(Information provided)
· · · · ·

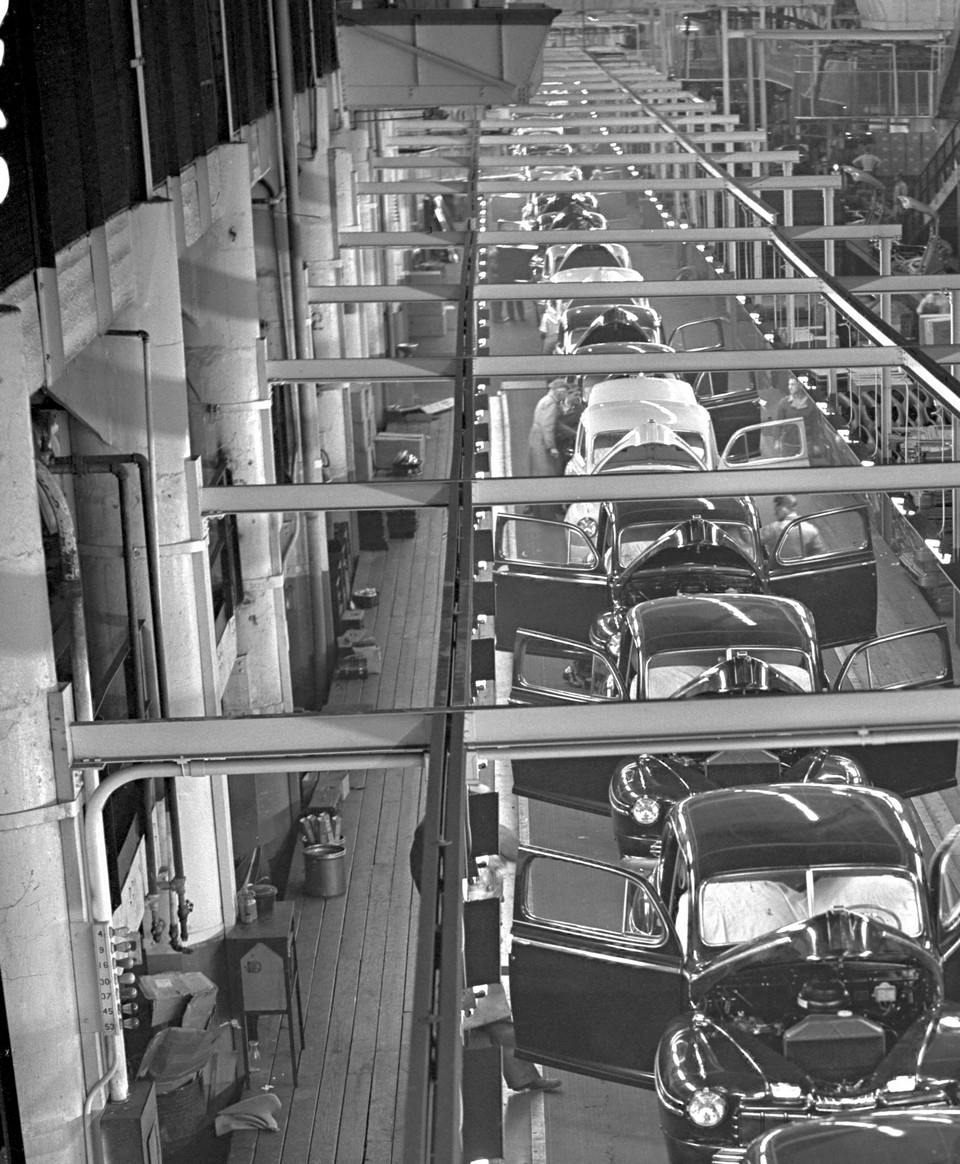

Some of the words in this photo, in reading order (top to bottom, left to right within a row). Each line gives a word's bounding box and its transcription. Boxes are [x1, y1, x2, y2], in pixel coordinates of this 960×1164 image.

[97, 930, 103, 938] 4
[98, 961, 109, 969] 16
[99, 978, 111, 986] 30
[100, 992, 112, 1000] 37
[102, 1007, 114, 1015] 45
[104, 1022, 115, 1030] 53

· · · · ·

(Task)
Although the entries contain pictures, copy everything else in them exactly.

(Exercise solution)
Some of the words in this photo, in reading order (top to bottom, left to right within a row). Each line gives a word's bounding box and its transcription. Boxes are [x1, y1, x2, y2], in pixel coordinates of this 960×1164 image.

[97, 930, 103, 938] 4
[98, 961, 109, 969] 16
[99, 978, 111, 986] 30
[100, 992, 112, 1000] 37
[102, 1007, 114, 1015] 45
[104, 1022, 115, 1030] 53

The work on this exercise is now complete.